Hüseyin Nihal Atsız birçok çevrede yanlış anlaşıldığı gibi, malesef birtakım Türkçüler de Atsız' ı yanlış değerlendiriyorlar.
Öncelikle Türkçülüğün fikir babası Nihal Atsız değildir. Günümüzde Türkçülüğün temel kaynağı kabul edilen 'Türkçülüğün Esasları' gibi çok mühim bir eseri 1923 yılında yazan Ziya Gökalp, 'Türkçülüğün ilk babaları Ahmet Vefik Paşa ve Süleyman Paşa'dır' demektedir. (Türkçülüğün Esasları/Toker Yayınları-istanbul 2005, say:14) . Bu teşhis her bakımdan doğrudur. Zaten daha Atsız doğmadan Türkçülükle ilgilenen ve bu akımı yaymaya çalışan onlarca insan vardır. Daha sonra Yusuf Akçura ve Ziya Gökalp gibi şahsiyetler bu akımın üzerine gitmiş ve gelişmesini sağlamıştır.
Hüseyin Nihal Atsız ise Türkçülüğe çok farklı bir boyut kattı. Kendisinden önceki eserlerin tamamında İslamiyet de vurgulanırken. O her ırkın tek bir tanrı tarafından yaratılamayacağını, böylece İslamiyet'in yalnızca Araplara, Museviliğin İsrailoğulları'na özgü olduğu gibi Türk'ün gerçek yaratıcısının Gök Tengri (Göktanrı) olduğunu savunmuştur. Böylece Türkçülük farklı bir boyut kazandı. Fakat bu düşüncesi çok geniş bir çevrede yayılmadı. Nitekim Türkçülük bugün bile Nihal Atsız' ın benimsediği şekilde değil, Türk-İslam sentezi biçiminde yer bulmuş ve öyle süregelmiştir. Zaten bence de olması gereken budur.

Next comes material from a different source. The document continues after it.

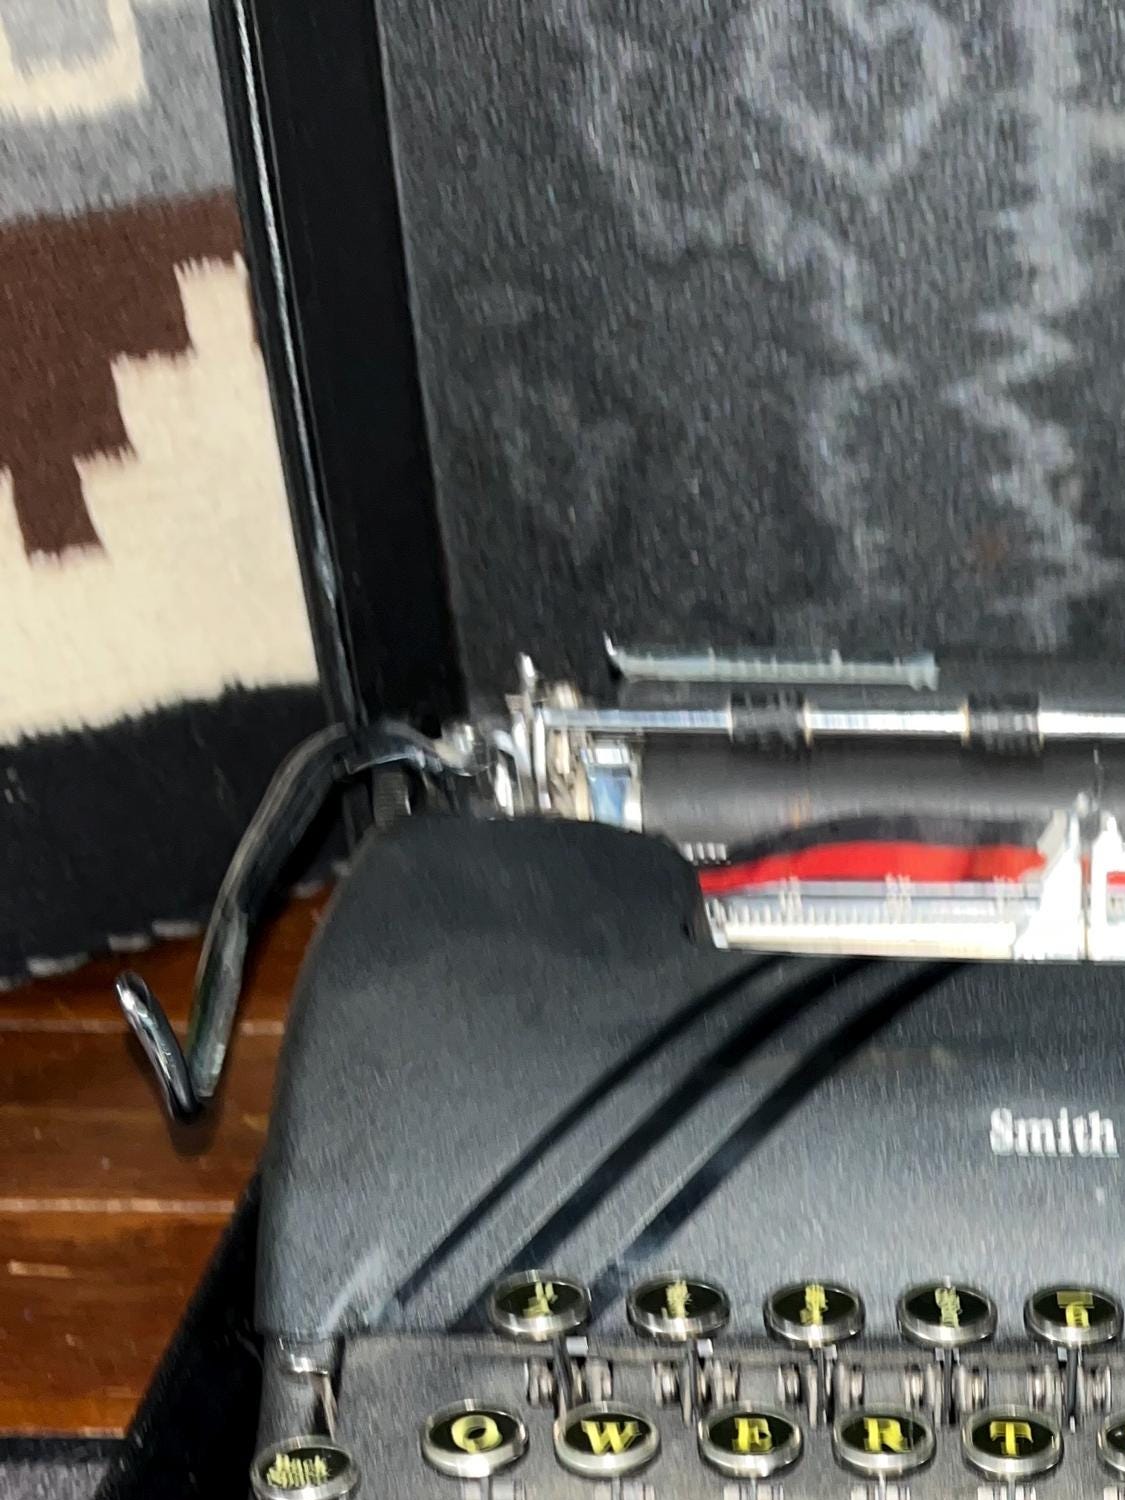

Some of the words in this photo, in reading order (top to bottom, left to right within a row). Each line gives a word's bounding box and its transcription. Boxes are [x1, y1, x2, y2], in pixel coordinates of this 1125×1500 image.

[990, 1107, 1119, 1158] Smith
[583, 1420, 637, 1456] W
[864, 1417, 905, 1454] R
[989, 1420, 1032, 1458] T

Nihal Atsız aynı zamanda hiç kuşku yok ki Türk Tarihi'nin en önemli roman yazarlarından biri ve belki de en iyi yazarıdır. Özellikle 'Ruh Adam' romanı kanımca dünyada şuana kadar yazılmış en mükemmel romandır. Böylesine bir kitap malesef Atsız'a atılan çeşitli suçlamaların gölgesi altında kalmış, gerekli değeri görememiştir.

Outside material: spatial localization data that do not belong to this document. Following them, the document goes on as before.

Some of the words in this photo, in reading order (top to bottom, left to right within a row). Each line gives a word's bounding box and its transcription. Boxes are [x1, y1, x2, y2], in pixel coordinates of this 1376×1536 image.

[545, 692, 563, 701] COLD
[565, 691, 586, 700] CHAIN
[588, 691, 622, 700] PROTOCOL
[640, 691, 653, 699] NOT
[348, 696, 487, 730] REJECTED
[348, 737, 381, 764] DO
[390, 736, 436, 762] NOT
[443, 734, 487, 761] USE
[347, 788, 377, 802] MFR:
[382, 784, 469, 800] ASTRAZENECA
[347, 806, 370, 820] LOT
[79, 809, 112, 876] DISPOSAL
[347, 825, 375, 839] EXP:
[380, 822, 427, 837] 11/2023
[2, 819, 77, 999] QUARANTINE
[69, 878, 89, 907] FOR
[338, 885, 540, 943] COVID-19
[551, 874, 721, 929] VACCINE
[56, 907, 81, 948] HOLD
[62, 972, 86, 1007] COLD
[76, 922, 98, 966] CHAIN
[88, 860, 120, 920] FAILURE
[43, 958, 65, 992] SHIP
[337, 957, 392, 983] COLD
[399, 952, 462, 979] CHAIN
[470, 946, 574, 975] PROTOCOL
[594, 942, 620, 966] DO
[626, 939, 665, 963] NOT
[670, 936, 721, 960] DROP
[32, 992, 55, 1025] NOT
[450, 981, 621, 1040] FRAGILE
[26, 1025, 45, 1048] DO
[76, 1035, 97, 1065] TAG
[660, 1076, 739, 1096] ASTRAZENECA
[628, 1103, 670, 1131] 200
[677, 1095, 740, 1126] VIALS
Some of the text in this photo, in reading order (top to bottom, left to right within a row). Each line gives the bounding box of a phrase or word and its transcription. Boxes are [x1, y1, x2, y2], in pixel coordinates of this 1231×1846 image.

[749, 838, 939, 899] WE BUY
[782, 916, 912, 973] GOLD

Unutulmaması gereken bir diğer özelliği de tarihimizin en iyi şairlerinden olmasıdır.
Kahramanlık ne yalnız bir yükseliş demektir,
Ne de yıldızlar gibi parlayıp sönmektir.
Ölmezliği düşünmek boşuna bir emektir;
Kahramanlık; saldırıp bir daha dönmemektir.
atı olmayan nihal
Size, Yavuz Bulent Bakiler'in Tercuman Gazetesindeki Atsiz hakkindaki yazisini aynen aktariyorum.
'Büyük Atsız'a büyük zulüm
01.02.2005
YAVUZ BÜLENT BAKİLER
----------
BÜYÜK Atsız, Kuran'da da emredildiği gibi, dosdoğru bir adamdı. Ömrünün hiçbir devresinde eğri büğrü olmadı. İki yüzlü yaşamadı. Neye inandıysa onu söyledi. Bu bakımdan, başına gelmedik kalmadı. Belâ yağmurundan kurtulamadı. Zulüm, âdeta gölgesi gibiydi.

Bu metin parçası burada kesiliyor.